**Required work:**
Pictures aside, write out every record exactly as it appears.

Records provided section start

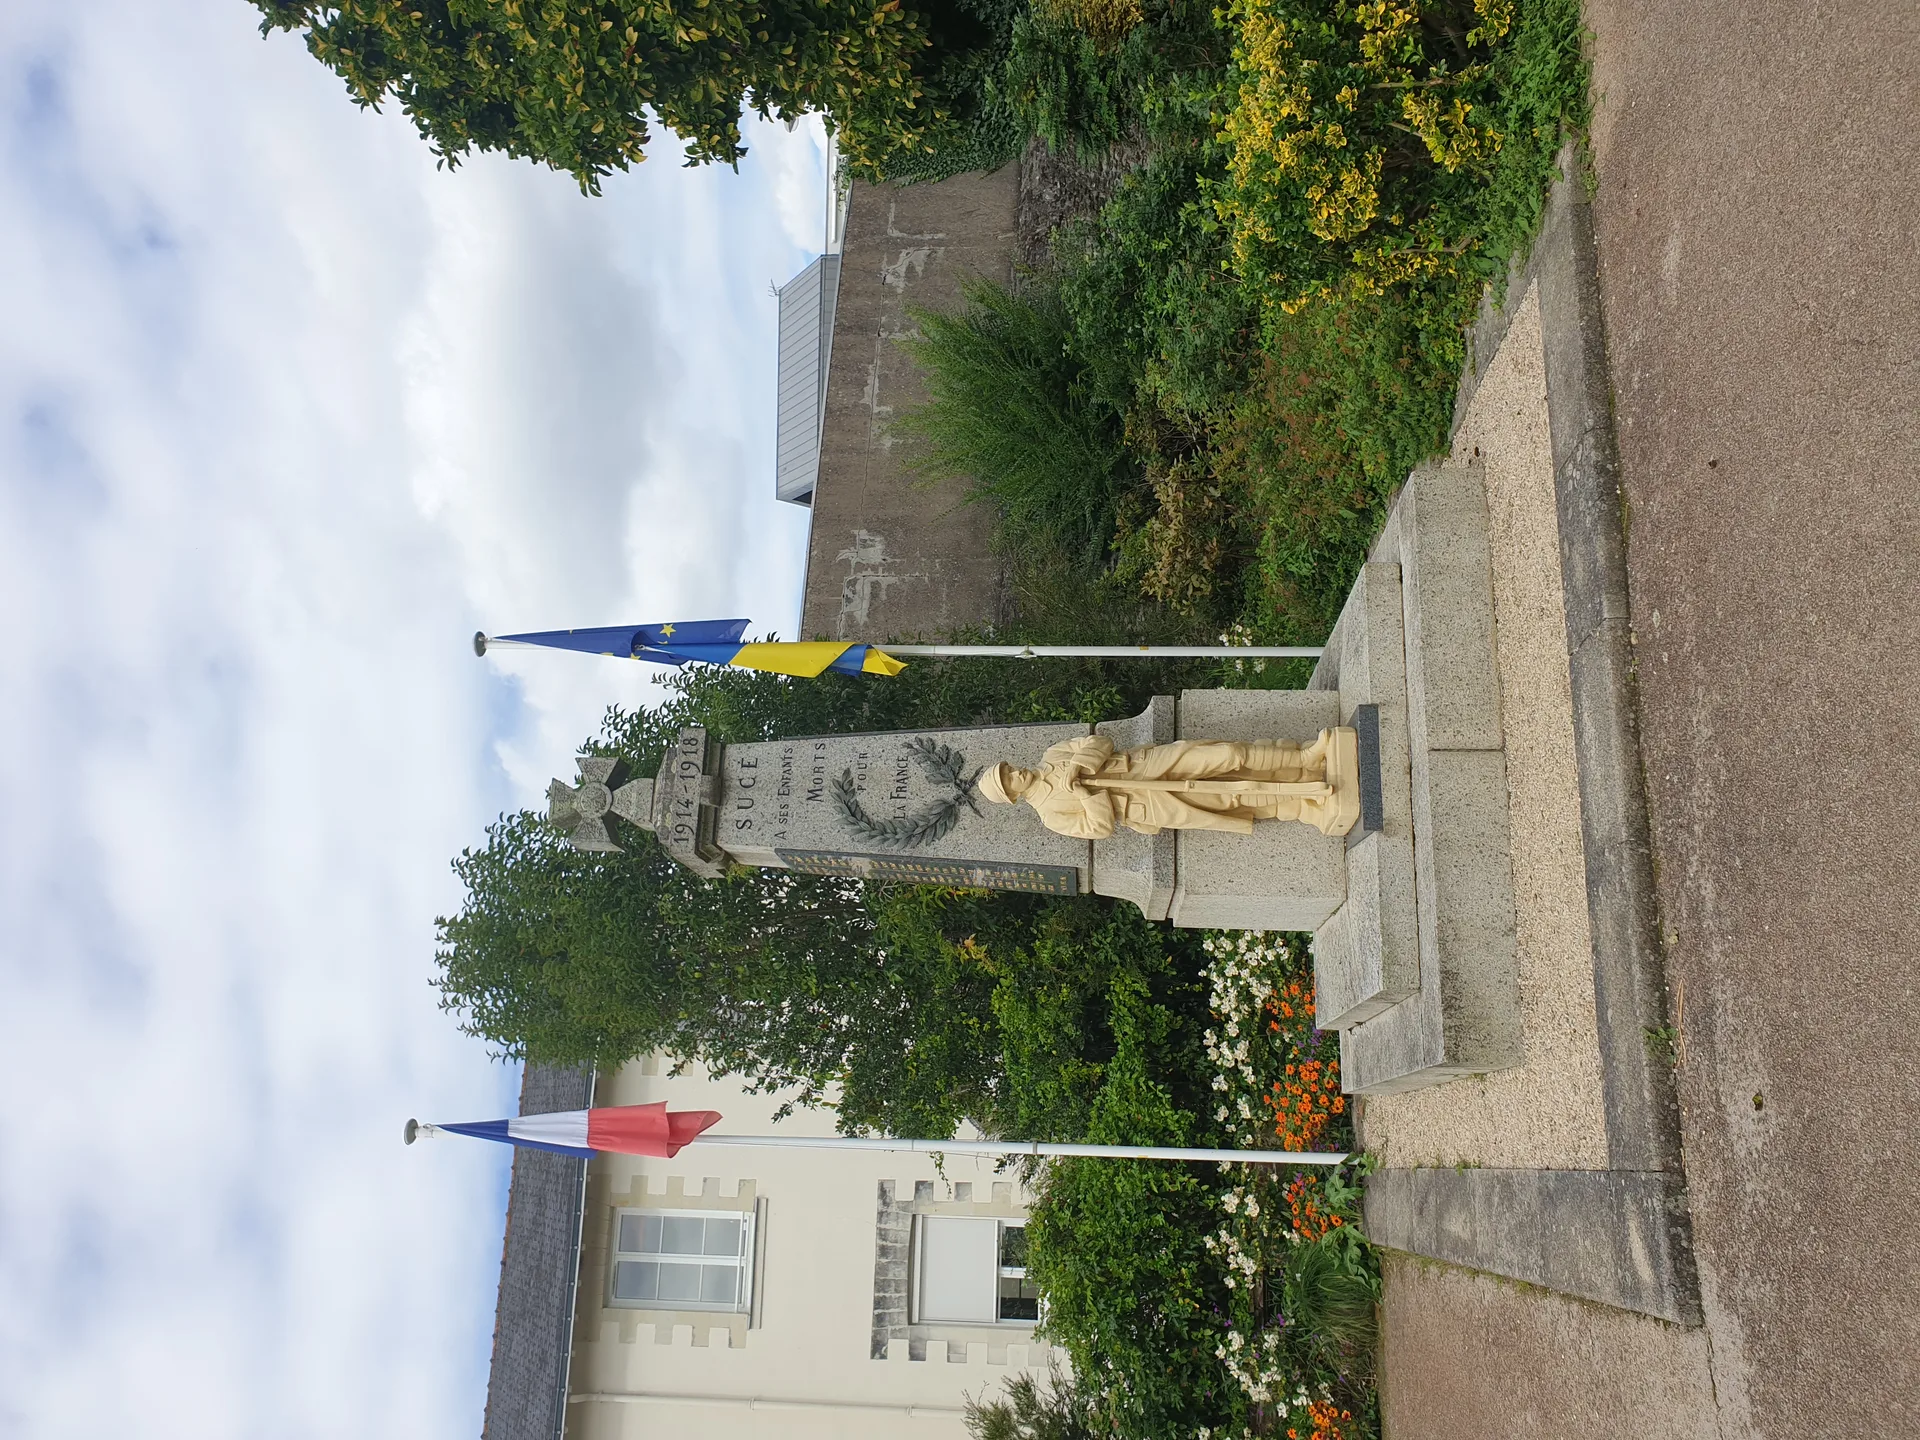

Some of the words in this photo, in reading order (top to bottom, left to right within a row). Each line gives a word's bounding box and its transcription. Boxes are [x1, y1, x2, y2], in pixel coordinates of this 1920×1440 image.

[673, 737, 700, 844] 1914-1918
[806, 743, 826, 802] MORTS
[856, 752, 868, 791] POUR
[889, 755, 909, 800] FRANCE
[778, 803, 789, 825] SES
[893, 804, 906, 820] LA
[774, 830, 787, 840] A

Records provided section end

**Exercise answer:**
Some of the words in this photo, in reading order (top to bottom, left to right within a row). Each line gives a word's bounding box and its transcription. Boxes are [x1, y1, x2, y2], in pixel coordinates of this 1920×1440 image.

[673, 737, 700, 844] 1914-1918
[806, 743, 826, 802] MORTS
[856, 752, 868, 791] POUR
[889, 755, 909, 800] FRANCE
[778, 803, 789, 825] SES
[893, 804, 906, 820] LA
[774, 830, 787, 840] A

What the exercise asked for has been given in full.